All day, I would reach over and check the lump to see if it got larger or felt feverish. I made her rest. She ate popsicles and chicken soup, because these things solve neck lumps, naturally. She basked in the attention. I felt my blood pressure creeping ever higher as we neared the appointment, where I was certain that she would have to give blood and pee, as well as disrobe for invasive testing. I scheduled a babysitter for the other children. I knew if the other children witnessed such offenses, then I would be dragging them into the doctor kicking and screaming for all future appointments.
Lunch time passed and I set an alarm to be sure I started readying the children, packing diaper bags and snacks for the sitter’s house, scrubbing slimy faces, etc. Not to mention loading the vehicle, which is definitely a ten minute process. I packed the iPad for the lump-afflicted child, but not before researching neck lumps. Neck lumps can be just about anything, but WebMD places Lymphoma and Leukemia at the top of the list. Naturally, I texted and called close relatives. The helicopter momma had definitely lifted off.

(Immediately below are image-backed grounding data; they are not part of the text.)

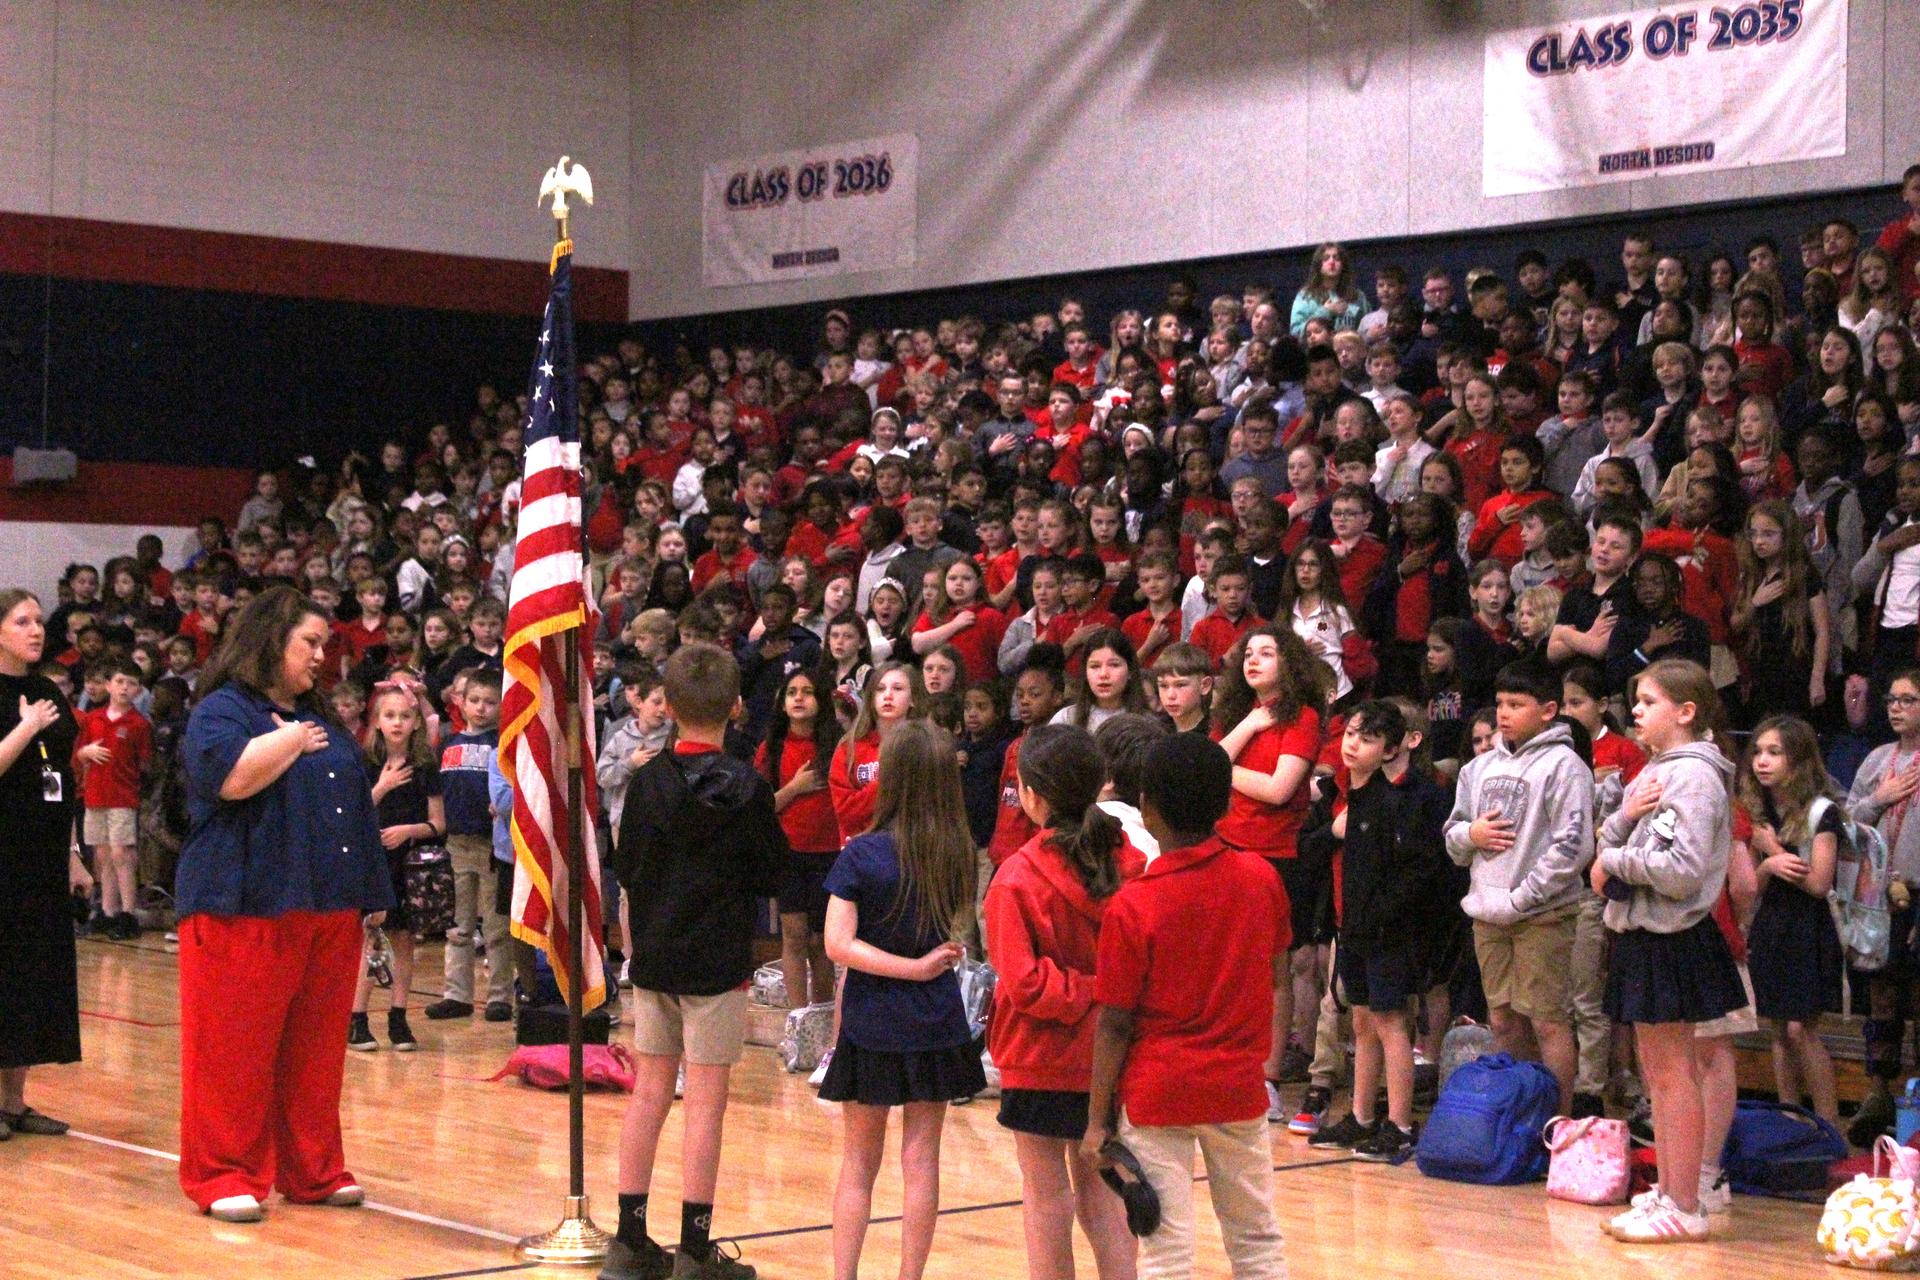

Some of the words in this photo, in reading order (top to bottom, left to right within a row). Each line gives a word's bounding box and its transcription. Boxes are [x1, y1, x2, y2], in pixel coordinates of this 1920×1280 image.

[1526, 20, 1632, 78] CLASS
[1643, 11, 1698, 61] OF
[1707, 0, 1803, 50] 2035
[725, 166, 790, 211] CLASS
[797, 161, 829, 203] OF
[833, 152, 893, 199] 2036
[1599, 148, 1651, 174] NORTH
[1653, 141, 1715, 169] DESOTO
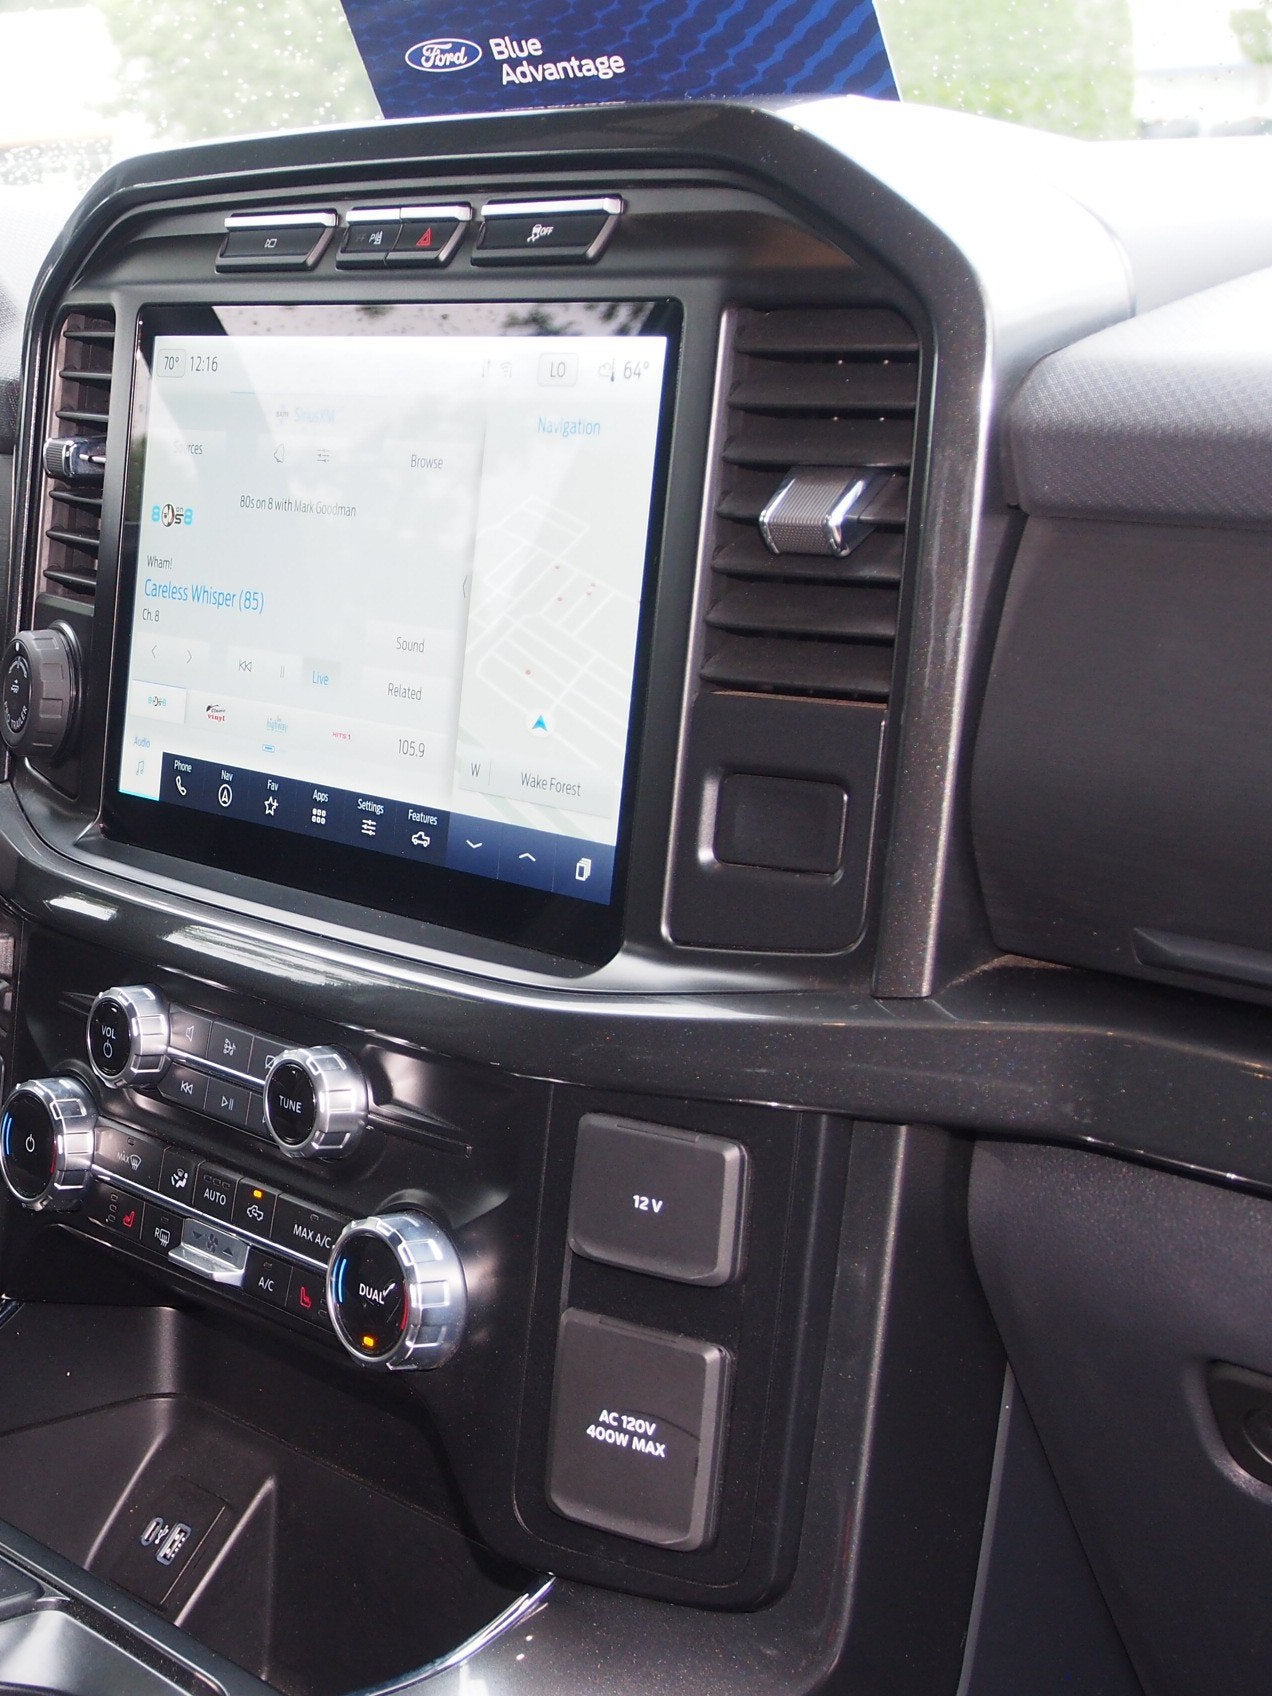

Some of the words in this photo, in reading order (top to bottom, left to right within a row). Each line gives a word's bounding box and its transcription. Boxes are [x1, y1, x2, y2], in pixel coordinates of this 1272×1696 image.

The time for loading the vehicle came, I delegated tasks to be more efficient. We walked onto the porch and the girls headed towards my husband’s vehicle. Wait. My husband’s vehicle? No, that’s not right. We don’t fit in there. There are no car seats. I don’t have his keys.
The lesson here is that worry gets you nowhere. Literally, we were going nowhere. I had spent my whole day worrying and still missed the one thing I needed to have – transportation.
When I shared that I had been a total worry wart to my mom later, it dawned on me why they use that term. The worry makes you a wart. Worry-wart.
In the end, the doctor suspected cat scratch fever, of all things. He started her on an antibiotic to see if the lump would improve. It seems they are not eager to poke innocent little girls with needles or force them into large magnetic machines for lengthy periods of time.